Empowering. See what happens when you enter therapy land? Everything gets therapeutic. I thought about that counselor I’d seen earlier today. I imagined her waking up and coming downstairs and finding someone has broken into her house, some small boy has been pushed through a window and has opened the door to thieves who’ve stolen her — her what? It didn’t matter what; I just wanted to be able to imagine for a moment, on the face of someone who’d seemed to know better than I could how to decipher what was happening in my life, a passing shadow of the world I felt so close to and which she, and her husband who sang in the shower, who could speak a language I couldn’t, and all the other people in the world whose lives were still so whole and simple and unmysterious, lived so very far from.

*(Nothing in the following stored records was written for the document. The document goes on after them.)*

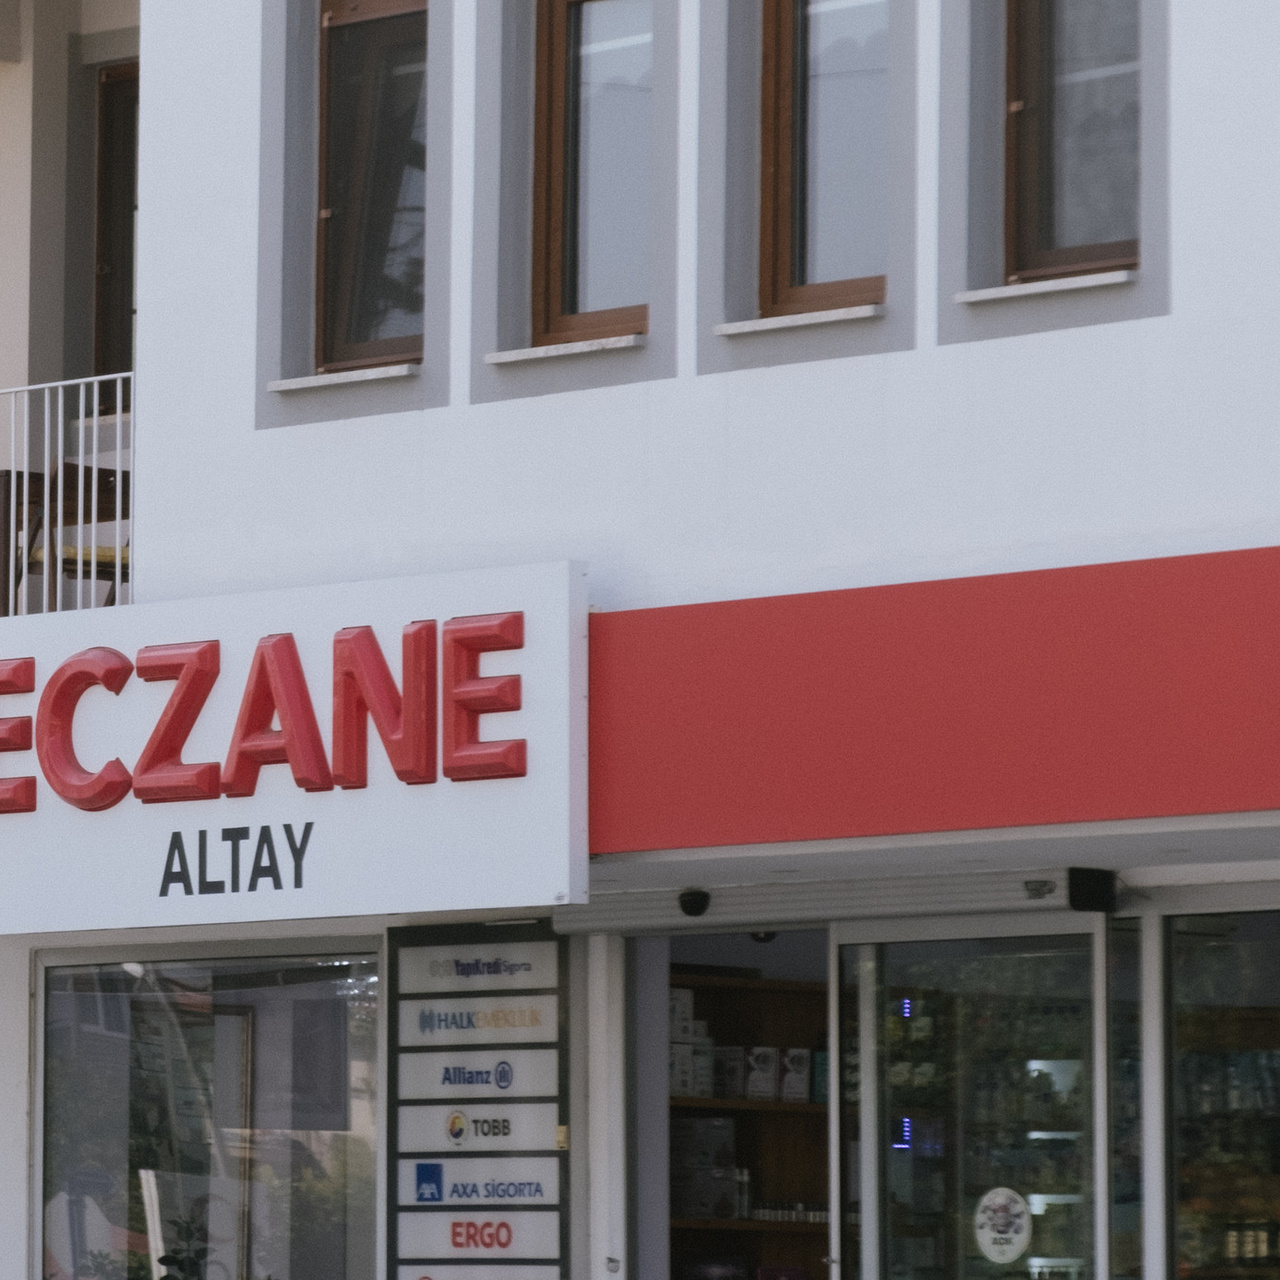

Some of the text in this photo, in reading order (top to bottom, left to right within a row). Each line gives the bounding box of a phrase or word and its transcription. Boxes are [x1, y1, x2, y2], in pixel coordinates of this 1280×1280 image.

[158, 821, 314, 898] ALTAY
[442, 1066, 491, 1085] Allianz
[472, 1118, 511, 1137] TOBB
[449, 1178, 544, 1198] AXA SİGORTA
[451, 1221, 513, 1249] ERGO
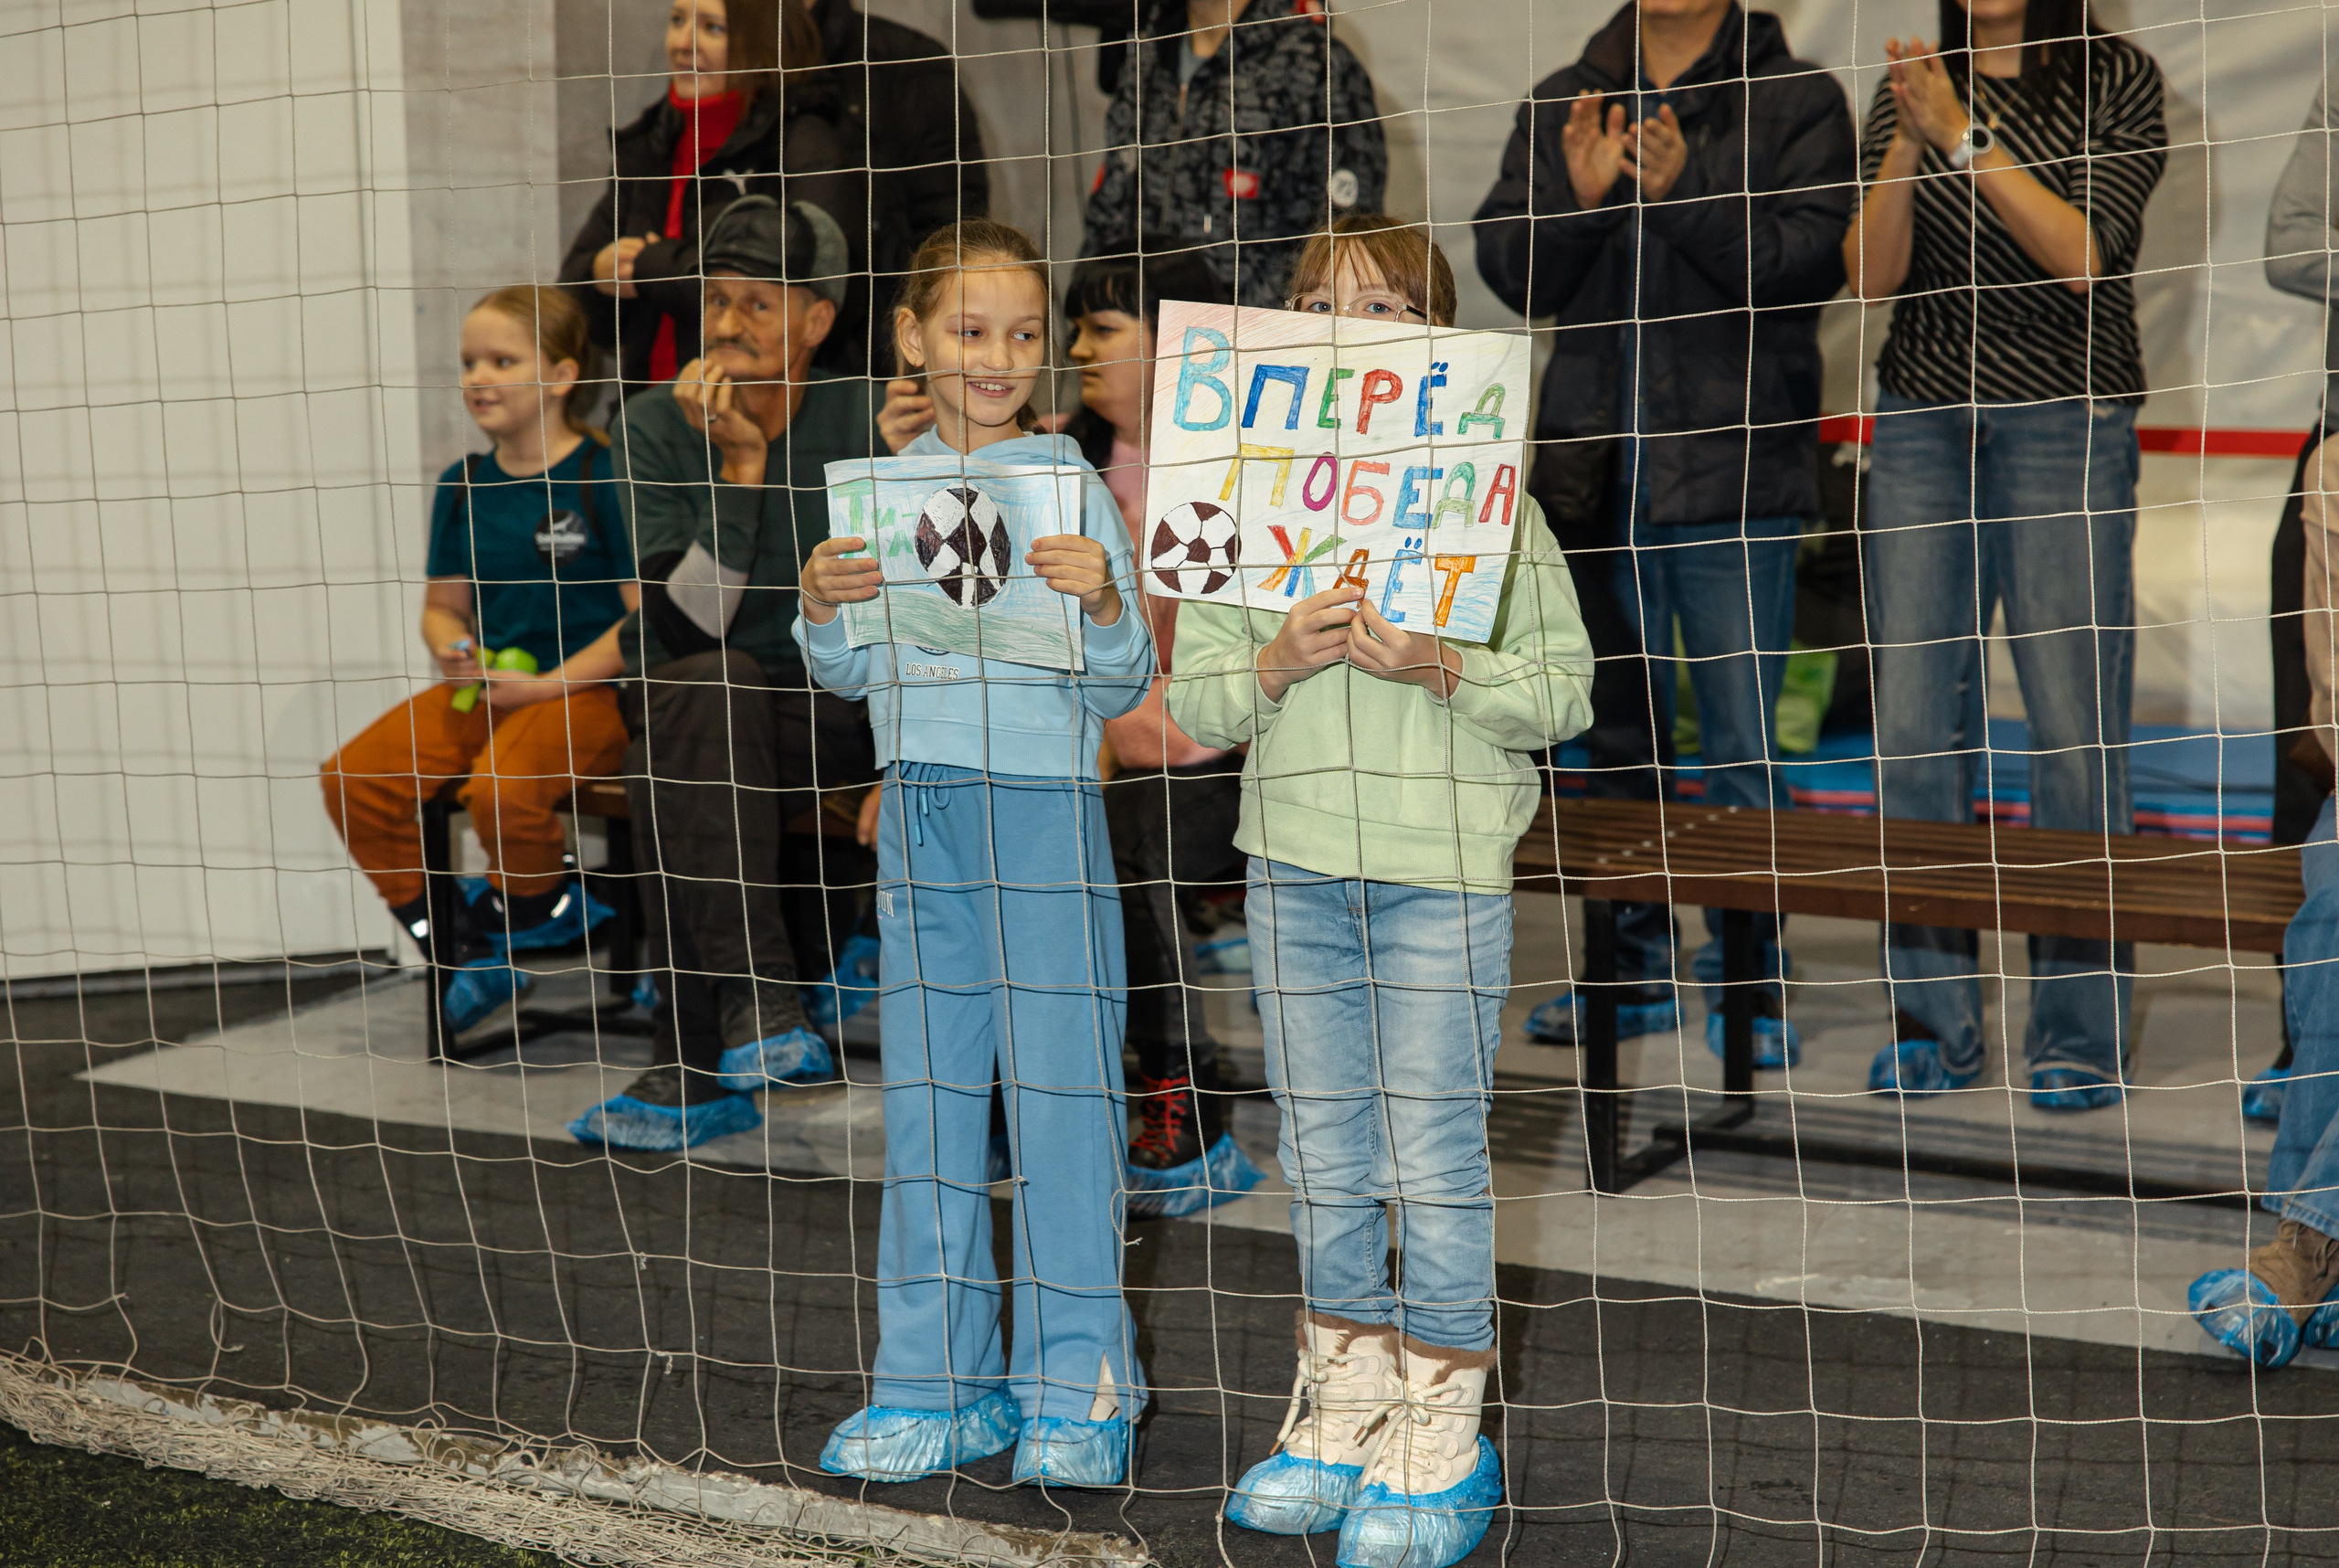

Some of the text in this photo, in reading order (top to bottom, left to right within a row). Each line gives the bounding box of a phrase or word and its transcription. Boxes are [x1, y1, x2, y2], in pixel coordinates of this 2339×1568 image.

[1173, 326, 1506, 440] ВПЕРЁД
[1218, 443, 1516, 529] ПОБЕДА
[1257, 525, 1477, 628] ЖДЁТ
[905, 662, 922, 676] LOS
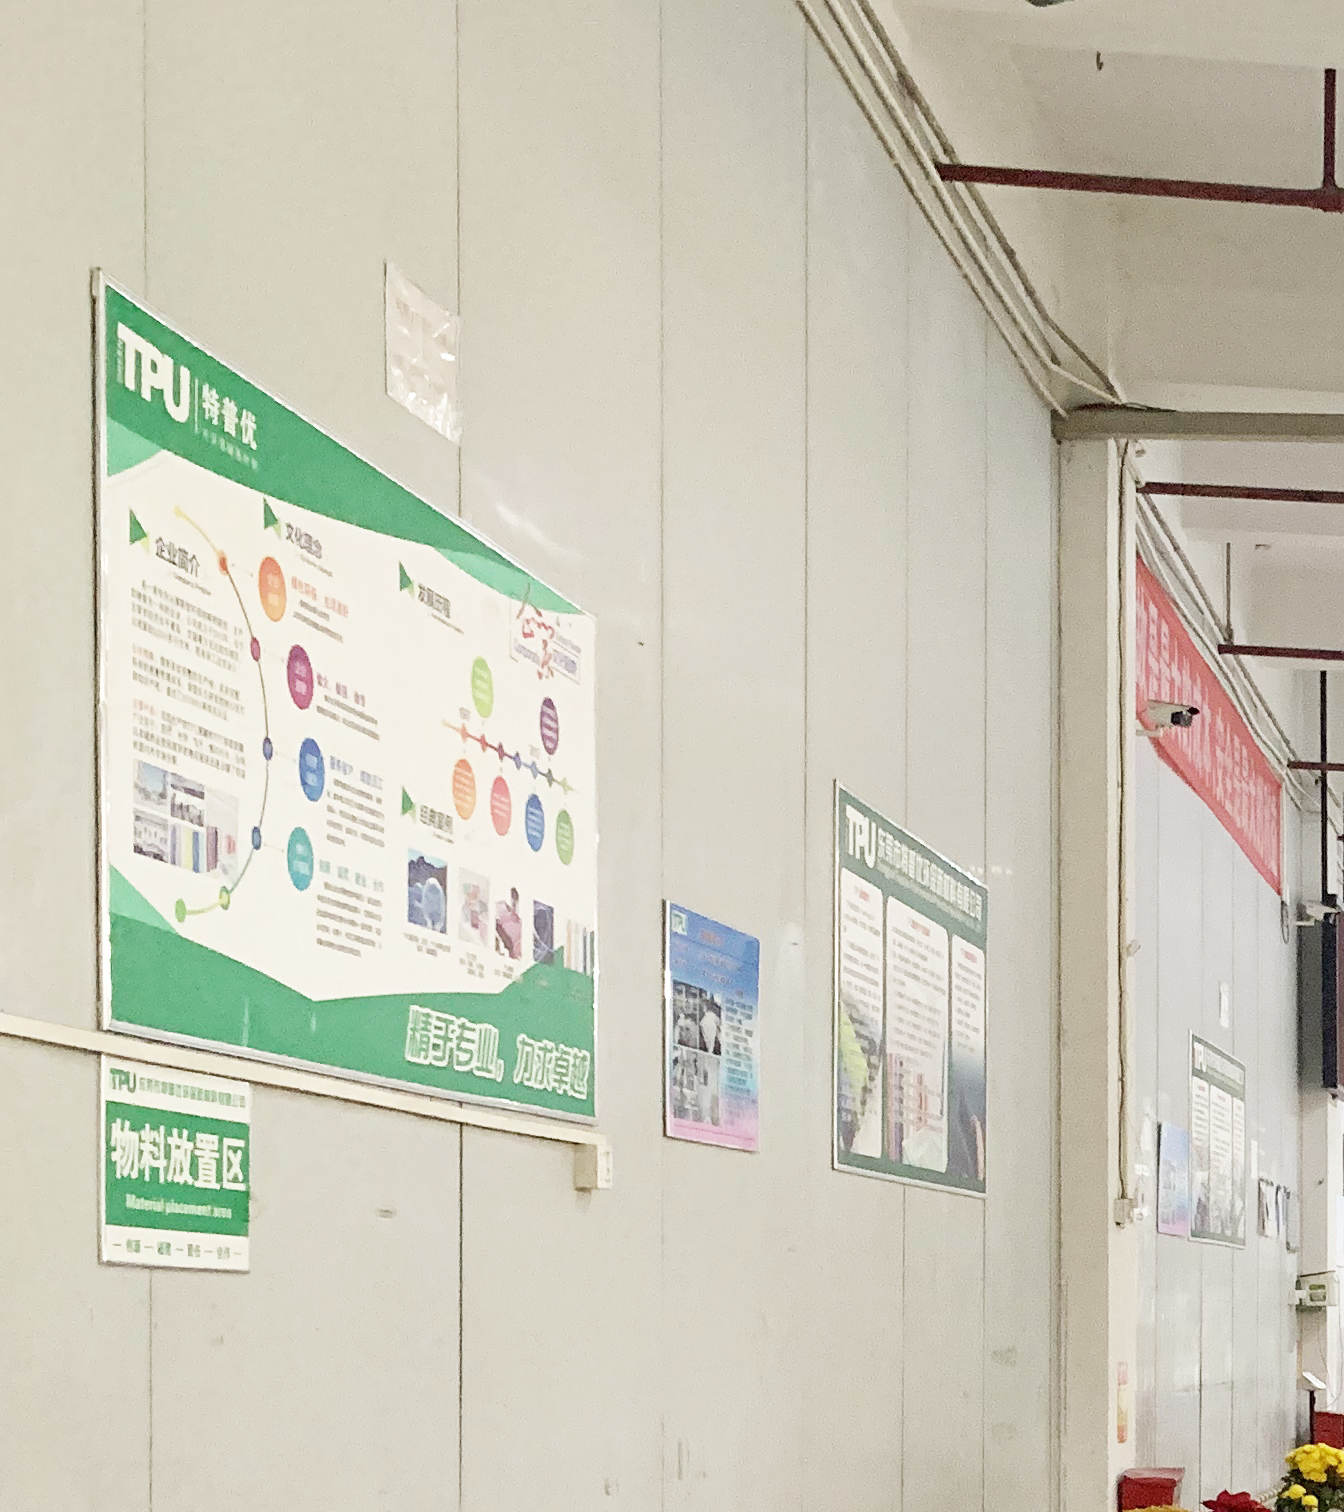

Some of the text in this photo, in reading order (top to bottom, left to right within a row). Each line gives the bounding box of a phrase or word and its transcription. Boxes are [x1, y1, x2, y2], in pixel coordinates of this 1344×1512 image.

[117, 321, 191, 424] TPU
[202, 383, 258, 450] 特普优
[155, 536, 200, 578] 企业简介
[846, 803, 877, 869] TPU
[109, 1067, 137, 1093] TPU
[111, 1117, 246, 1191] 物料放置区

I needed drugs. I needed alcohol. I put my head down on the dictionary that had no word for overworld in it and wished I could fall asleep. In my sleep, I would stand up from the desk and pull on a coat. It would be like the one Harpo Marx wears in the old Marx Brothers films, or the one Dickens describes the Artful Dodger wearing; it would be far too big for me, capacious and patched, tramplike, and as I buttoned it I’d come across a hidden pocket full of handkerchiefs knotted together like a magician’s trick. I’d open the coat and run my hand down its inside lining, full of hidden pockets and compartments. I’d put my hand into one and pull out — what? a hand, on the end of an arm — a limb. A passport into limbo. The hand at the end of the arm would speak through a mouth made of thumb and first finger. You need to take me with you, it would say, so you don’t come to no arm.
I’d pick it up and slip it back into its pocket and the hand, holding my own hand, would pull me deeper, my arm following, then my shoulder up to my neck, then my head then my other shoulder and finally the whole of me dropping for miles inside the pocket of the coat, I’d fall upside down cushioned by thick fabric, like sliding down the thick black folds of the kind of cloth an early photographer would use to cover his camera before and after exposing the plate, and when I hit the ground it would be like I’d fallen through black sky.